The premises Gerakan was founded on, and on which it contested the 1969 general election were fundamentally sound. Their ideals are those which resonate with intellectuals and liberals, without resorting to the extremism, defeatism or simple impracticality that has characterised parties attempting to fill a similar niche, such as the Democratic Action Party.
What did Gerakan stand for when it was founded? It stood for human rights. It stood against corruption. It demanded justice for all ethnic communities. It grabbed the middle ground between the extremism of the DAP and the Alliance.
It had a strong leadership who could have made it a formidable force that might even have resulted in a change of government. After all, they had the brains and the guts to put their ideals into practice through policies. Moreover, Gerakan was truly a multiracial party, seeing as how one of its foremost leaders was the renowned Malay intellectual Syed Hussein Alatas.
So what happened along the way to Gerakan? It joined the Barisan Nasional coalition after the catastrophic racial riots of 13 May 1969 — although they did not do so immediately, it seems that the riots were the main catalyst for this decision.
Unfortunately, what happened when Gerakan joined BN is that BN continued to cling to the old Alliance concept, marginalising the non-Alliance parties. To this day, the three most powerful parties in the country are UMNO, MCA and MIC, in that order.

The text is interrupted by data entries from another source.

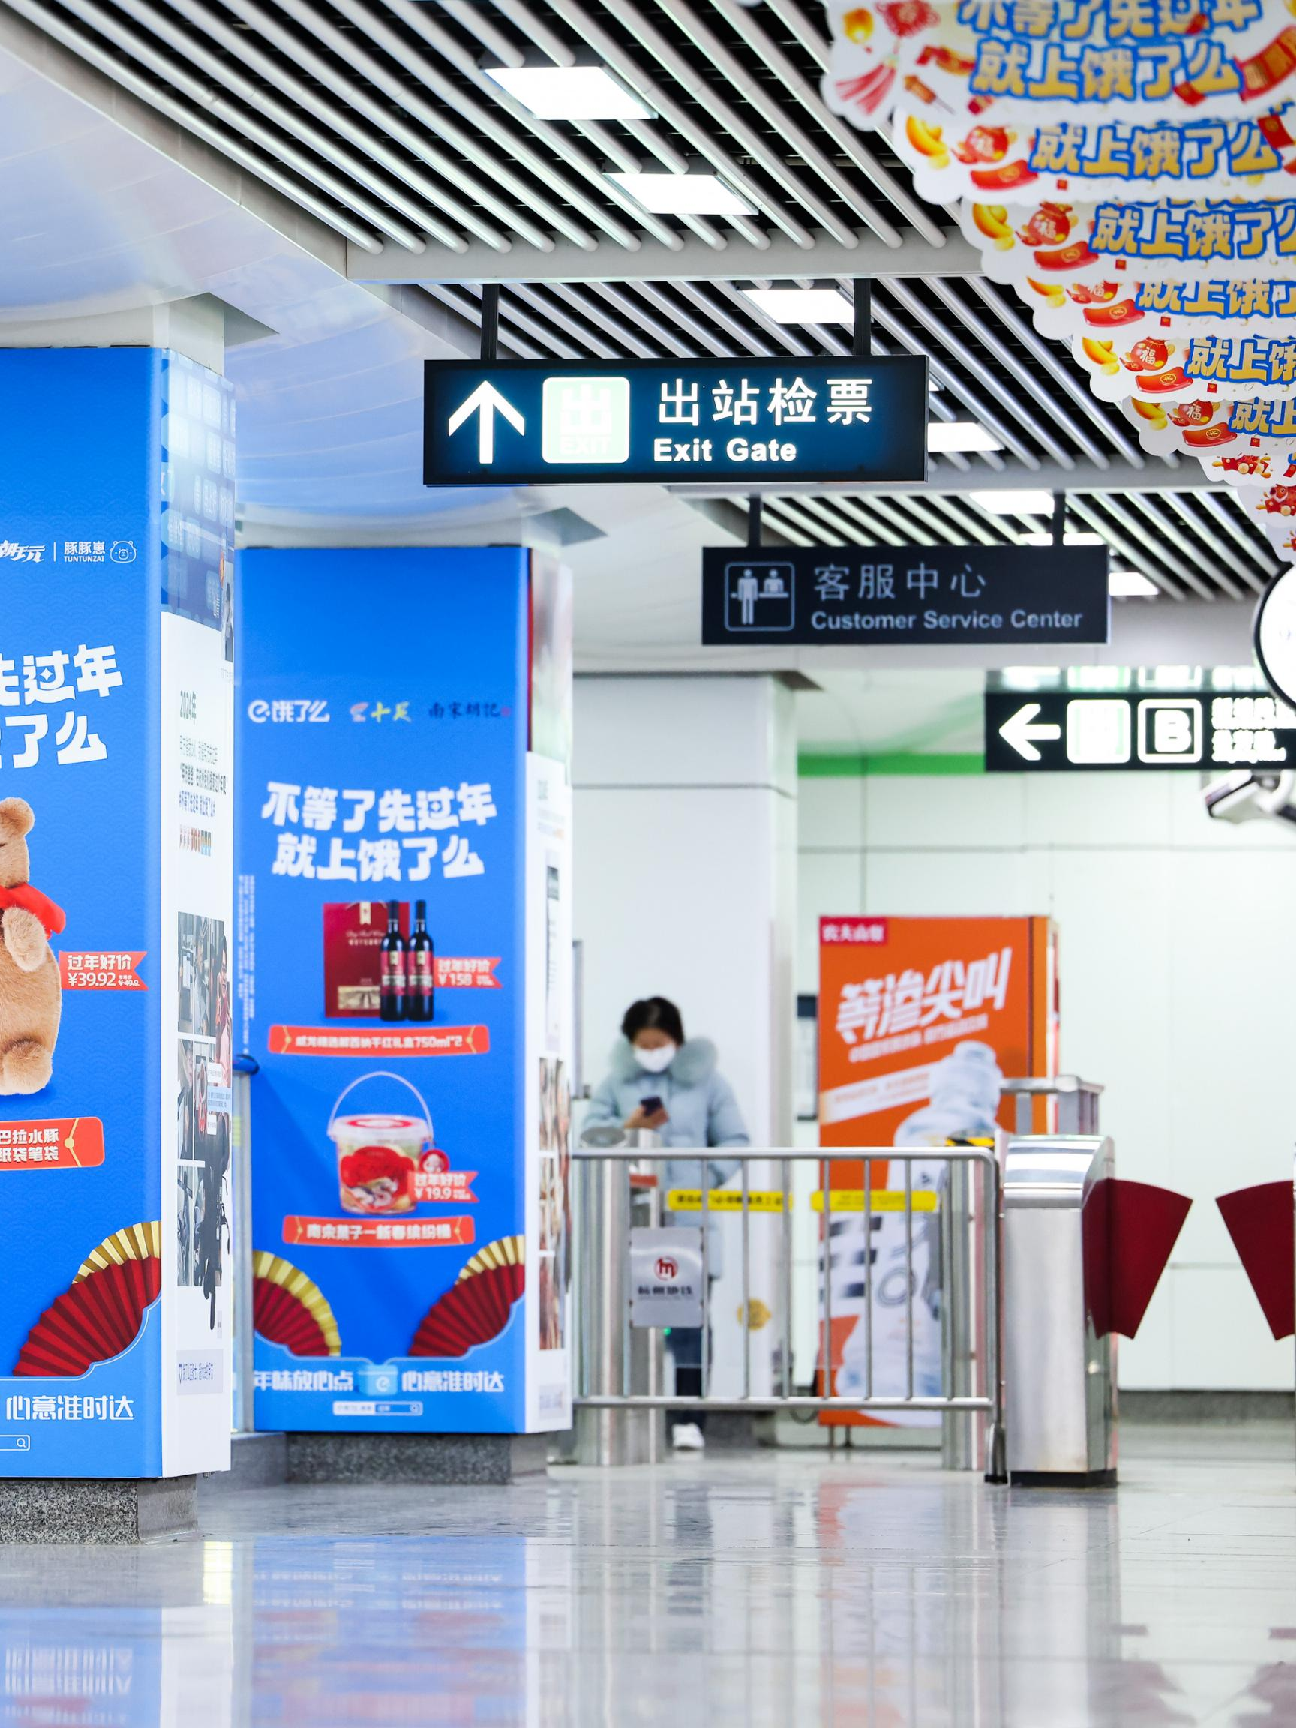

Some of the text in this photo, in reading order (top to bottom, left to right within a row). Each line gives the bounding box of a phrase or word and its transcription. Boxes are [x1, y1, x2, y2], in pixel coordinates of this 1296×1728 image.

[969, 38, 1242, 102] 就上饿了么
[1028, 120, 1283, 180] 就上饿了么
[658, 377, 873, 426] 出站检票
[653, 438, 798, 463] Exit Gate
[64, 555, 105, 563] TUNTUNZAI
[813, 562, 988, 601] 客服中心
[811, 608, 1083, 631] Customer Service Center
[1154, 709, 1192, 753] B
[261, 781, 498, 833] 不等了先过年
[272, 832, 486, 882] 就上饿了么
[67, 954, 132, 970] 过年好价
[67, 971, 117, 987] ¥39.92
[835, 946, 1013, 1045] 等渗尖叫
[6, 1394, 135, 1421] 心意准时达

What happened to Gerakan and the other parties which joined BN, such as the People's Progressive Party? They got the scraps that the three major parties threw them, and were also forced to conform to the ethnic-minded niches that the Alliance favoured.
That's why Gerakan lost so much of its multiracial nature. Today, look at Gerakan and the PPP — they talk the multiracial talk, but they are walking the monoracial walk. It's sickening to hear them talk of the need for multiracialism when the party leaders that people like Lim Keng Yaik are addressing are almost uniformly Chinese (or Indian, in the PPP's case).

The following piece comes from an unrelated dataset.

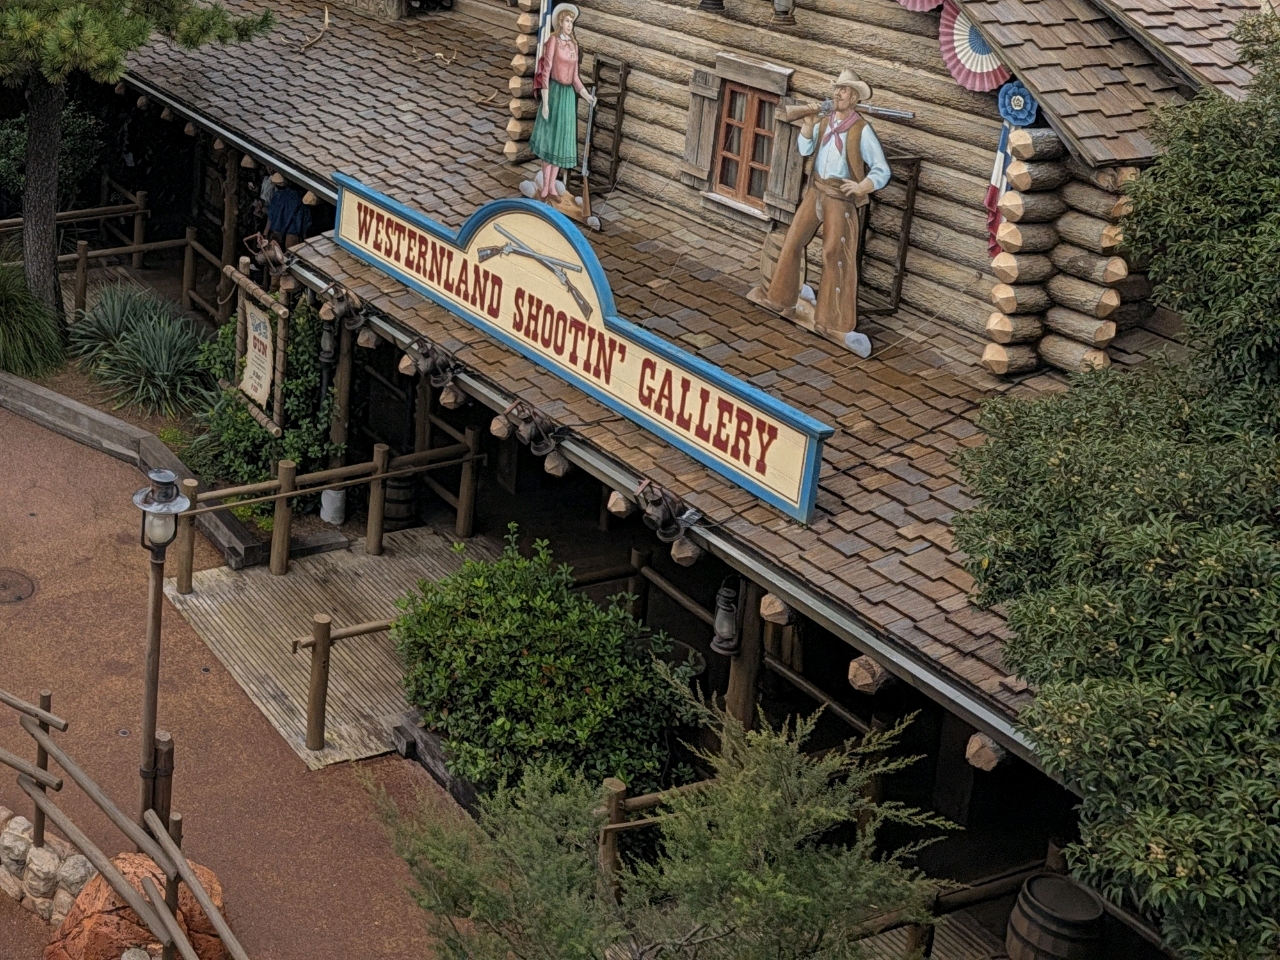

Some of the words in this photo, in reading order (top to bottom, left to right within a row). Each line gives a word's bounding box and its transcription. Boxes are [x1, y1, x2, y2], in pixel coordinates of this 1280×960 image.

[253, 334, 268, 357] GUN
[357, 201, 503, 318] WESTERNLAND
[512, 287, 627, 385] SHOOTIN'
[638, 357, 779, 476] GALLERY

The main reason Gerakan is in such a sad state is mainly due to its roots — it was an offshoot of the MCA that happened to have people like Tan Chee Khoon and Syed Hussein Alatas join its ranks. These brave people tried to make the fundamental premises of Gerakan work, but in the aftermath of May 13, the ex-MCA men like Lim Chong Eu steered it back to the BN fold, having been jolted by the riots. Then after that Lim Keng Yaik, another ex-MCA man, took the helm.
Basically, Gerakan gets the scraps of the MCA — the misfits who don't belong in the MCA, but still want the benefits of being in the government. It's truly saddening, because every time I hear the rhetoric of Gerakan's leaders, it reminds me of the promise Gerakan held, and the promise which was snatched away by their ill-fated decision to rejoin the government, which has marginalised Gerakan's pitiful efforts to restore a semblance of sensible multiracialism and liberalism to how this country is run.
Lim Keng Yaik has been succeeded by Koh Tsu Koon. I don't know much about Koh, but I wish him luck in his struggle to effect change from within — it's a losing fight, and he needs all the luck he can get. But if he truly wants change, I implore him to leave the BN fold when the next election comes around. Gerakan can still make its founding premises work — it just can't make them work as long as it's a member of BN.